The first day and what makes the cut and what is unacceptable according to the company

Kayleigh has taken a job at a social media company called Hexa part of a larger company she joins a team of content moderators, that view any content flagged as inappropriate or unsuitable(in the time of Musk taking over Twitter these people’s jobs are so important or else we go down a dark path) she likes her co-workers she even falls for one of them but this book is about the group here and the drip drip effect of the content and the constant pressure of what is acceptable and not and does you over time become use top this content so you let through the content you’d not thought about letting through at the start. Alongside this is a new relationship with  Babara then she falls for Yena a mismatched relationship. The coworkers take legal action with the pressure and sheer mental health issues this job causes them and also we see how each person has their own axe to grind from. Jewish coworker that gets into arguments and another coworker who is flat earth believer all add to a book that feels far more than its 130 pages.

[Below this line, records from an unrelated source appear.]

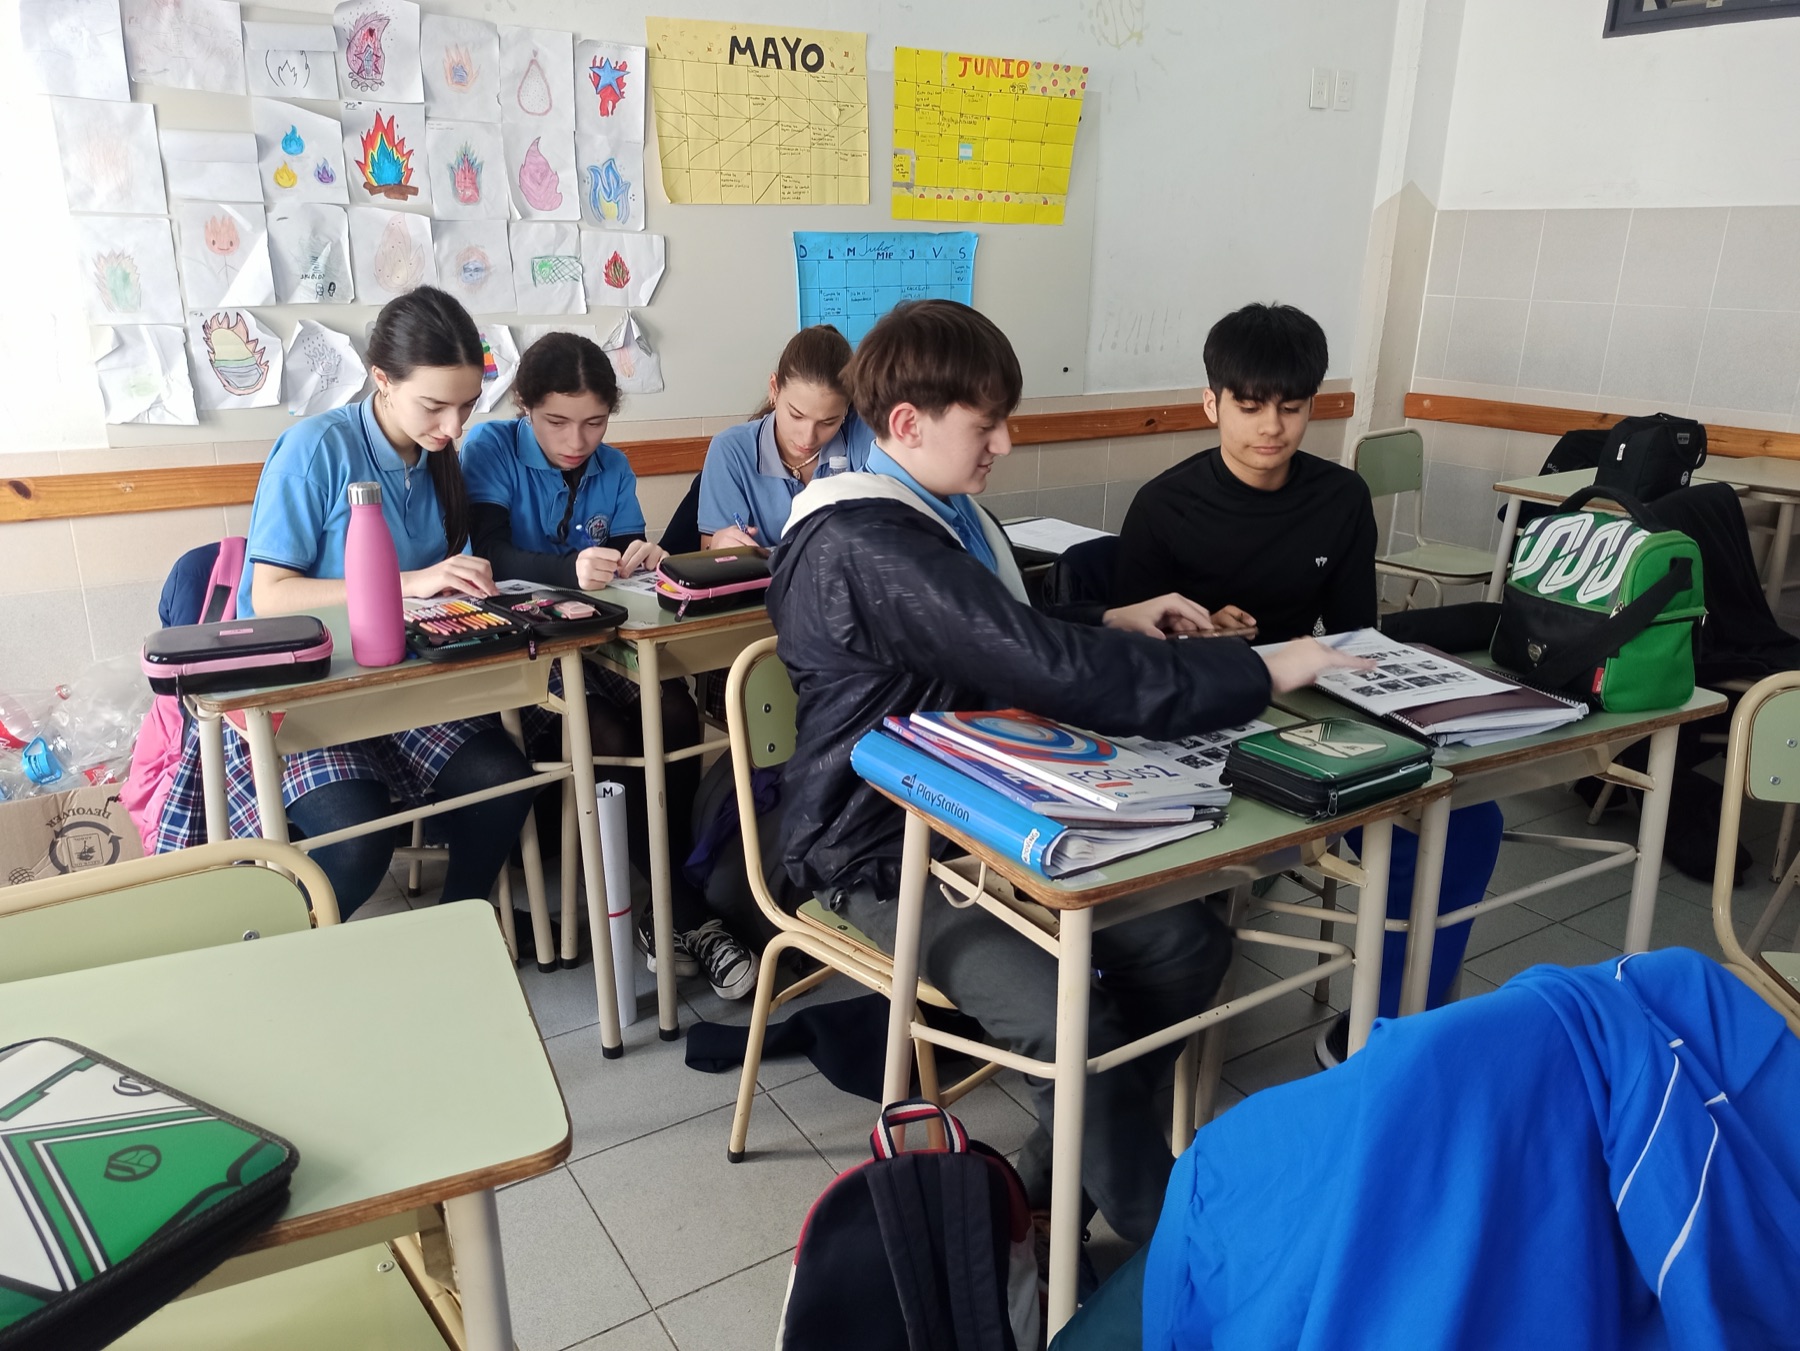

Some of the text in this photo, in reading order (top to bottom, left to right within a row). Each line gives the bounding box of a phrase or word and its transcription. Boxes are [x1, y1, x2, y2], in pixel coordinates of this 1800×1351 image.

[729, 35, 825, 73] MAYO
[958, 56, 1030, 79] JUNIO
[799, 245, 808, 258] D
[828, 249, 834, 259] L
[847, 247, 856, 257] M
[909, 249, 915, 259] J
[932, 246, 943, 259] V
[958, 246, 967, 259] S
[1066, 768, 1161, 783] FOCUS
[1143, 764, 1181, 778] 2
[916, 783, 970, 823] PlayStation
[45, 807, 112, 828] DEVOLVER
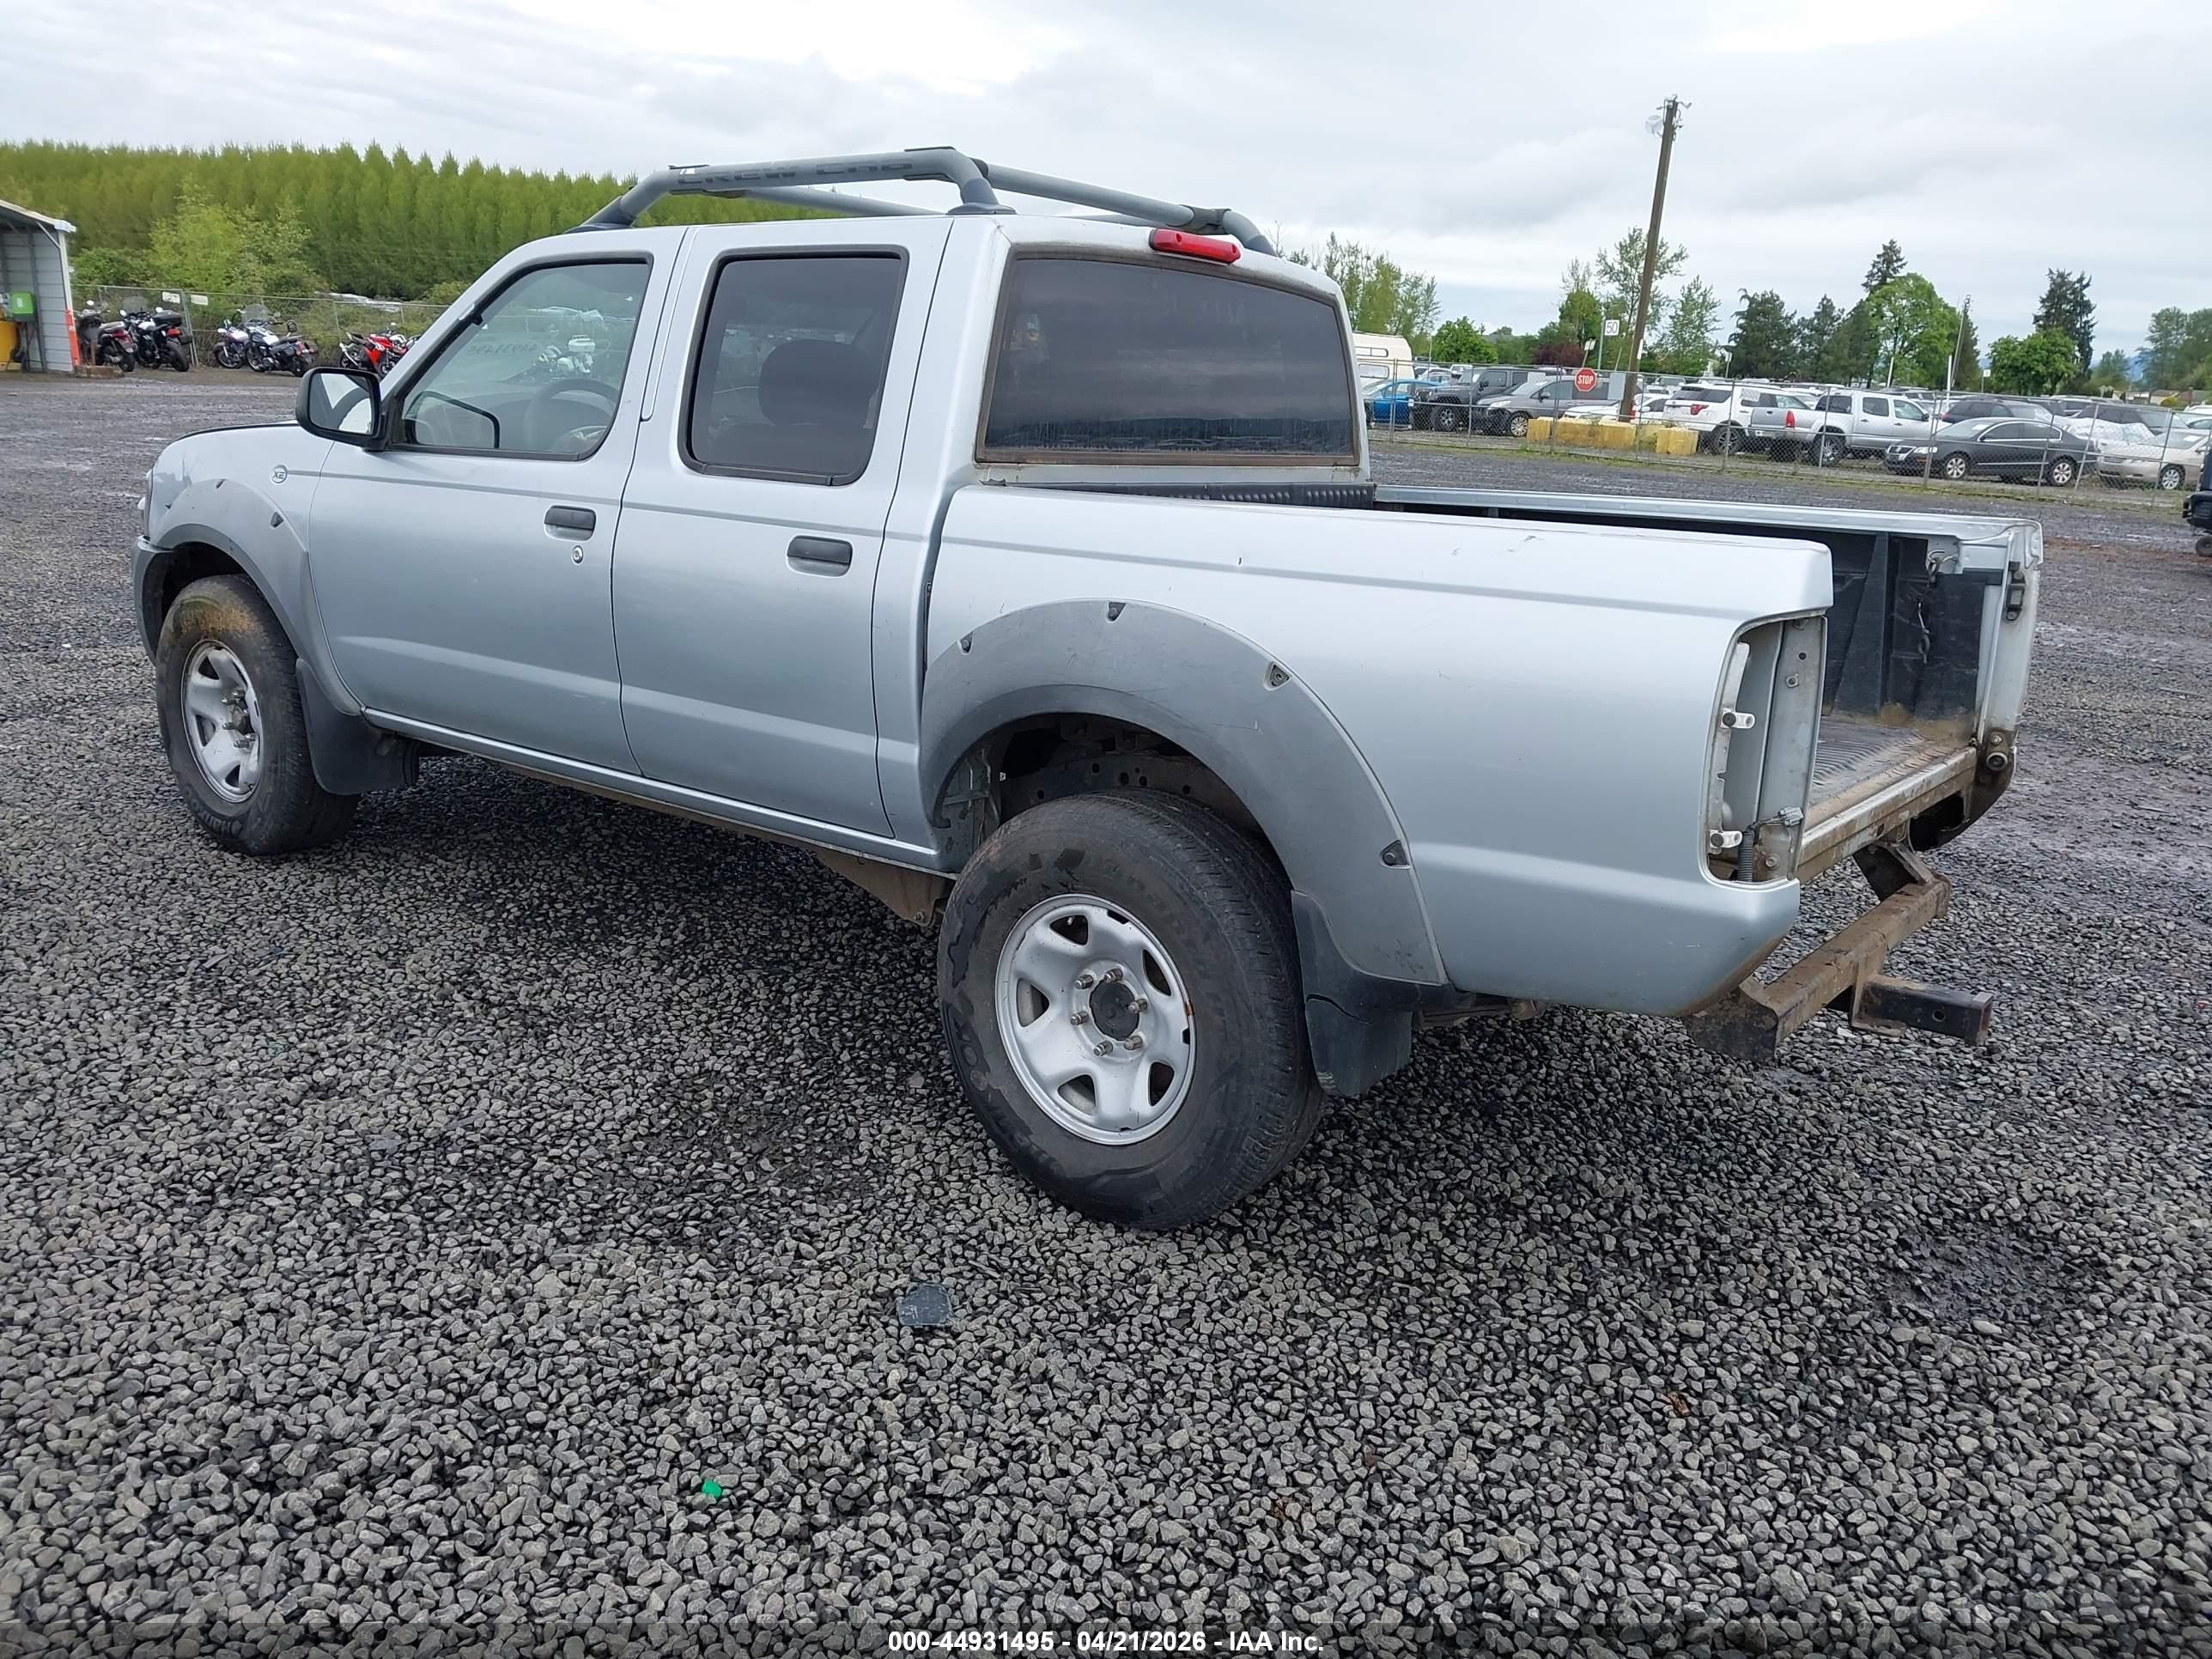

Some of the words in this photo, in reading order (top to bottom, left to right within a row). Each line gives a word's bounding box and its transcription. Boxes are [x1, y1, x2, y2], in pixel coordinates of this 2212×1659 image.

[1606, 321, 1619, 334] 50
[1577, 374, 1594, 385] STOP
[272, 470, 286, 480] XE

That night we ended up kissing for the first time. After work Robert passed around another rollie, and at the bus stop we all took a swig from Souhaim’s stylish horn hip flask, so when we walked into the sports bar around seven we were still in high spirits- in fact, we were whooping as if we’d all won in the Olympics. Inside, some people were dancing. That was a rare sight in the sports bar, but Michelle must have picked up on her clientele’s mood and had cranked up the volume on the playlist all the way.One girl from our cohort was making out with a huge guy. It took me a moment to recognize him it was John, who always wore blue gingham button-downs in the office, but who was now swaying his hips in a soaking wet T-shirt, the fabric drenched with sweat even though it wasn’t very warm inside or outside.

They go out and that shared experience that leads to them falling off each other and being friends.

This captures what it is like to be on the knife edge of what makes the cut to be ok and what is demanded unacceptable to be seen this also shows how doing that as a job can be heartbreaking and heartwrenching and also cause those doing it to feel numb to the content they are viewing. There is a part she describes a sex scene and you sense how she has seen this content so often she even knows what will happen next. This is a book that did the rounds on social media given not social media content but for me, it is an age-old job of the moderator who viewed the video nasties and checked books for content. the police that watches videos. All these people have mental health from doing this job. It also shows relationships and comradeship in these jobs and how easy it is to have relationships with co-workers from the shared experience =but then there is also the side of that yes the shared experience but there is also the person as a whole that is outside that and that is what is shown in the two relationships of Kayleigh in the book. A book that captures a hard job and the outfacing of that on one person and the group she works with! Have you read any books about social Media?

Winstons score -B A great attempt to capture the social media world and its employees.